- **Aim of the exercise**
Once you have read the records below, print them again exactly as they stand.
::::
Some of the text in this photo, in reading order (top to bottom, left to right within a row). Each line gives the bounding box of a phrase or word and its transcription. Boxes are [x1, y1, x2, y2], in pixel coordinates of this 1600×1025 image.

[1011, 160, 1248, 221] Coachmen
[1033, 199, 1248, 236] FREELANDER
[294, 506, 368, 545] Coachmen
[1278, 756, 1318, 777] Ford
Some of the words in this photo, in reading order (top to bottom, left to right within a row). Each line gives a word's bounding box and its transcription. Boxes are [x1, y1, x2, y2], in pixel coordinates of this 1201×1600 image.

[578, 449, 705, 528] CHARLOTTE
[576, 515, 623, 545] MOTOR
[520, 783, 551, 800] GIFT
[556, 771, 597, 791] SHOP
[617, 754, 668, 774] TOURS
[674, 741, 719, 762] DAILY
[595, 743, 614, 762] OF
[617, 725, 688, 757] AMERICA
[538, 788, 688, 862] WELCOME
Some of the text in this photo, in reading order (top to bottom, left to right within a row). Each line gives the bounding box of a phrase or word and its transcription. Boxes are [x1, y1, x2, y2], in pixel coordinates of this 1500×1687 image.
::::
- **Output**
Some of the text in this photo, in reading order (top to bottom, left to right within a row). Each line gives the bounding box of a phrase or word and its transcription. Boxes are [x1, y1, x2, y2], in pixel coordinates of this 1600×1025 image.

[1011, 160, 1248, 221] Coachmen
[1033, 199, 1248, 236] FREELANDER
[294, 506, 368, 545] Coachmen
[1278, 756, 1318, 777] Ford
Some of the words in this photo, in reading order (top to bottom, left to right within a row). Each line gives a word's bounding box and its transcription. Boxes are [x1, y1, x2, y2], in pixel coordinates of this 1201×1600 image.

[578, 449, 705, 528] CHARLOTTE
[576, 515, 623, 545] MOTOR
[520, 783, 551, 800] GIFT
[556, 771, 597, 791] SHOP
[617, 754, 668, 774] TOURS
[674, 741, 719, 762] DAILY
[595, 743, 614, 762] OF
[617, 725, 688, 757] AMERICA
[538, 788, 688, 862] WELCOME
Some of the text in this photo, in reading order (top to bottom, left to right within a row). Each line gives the bounding box of a phrase or word and its transcription. Boxes are [x1, y1, x2, y2], in pixel coordinates of this 1500×1687 image.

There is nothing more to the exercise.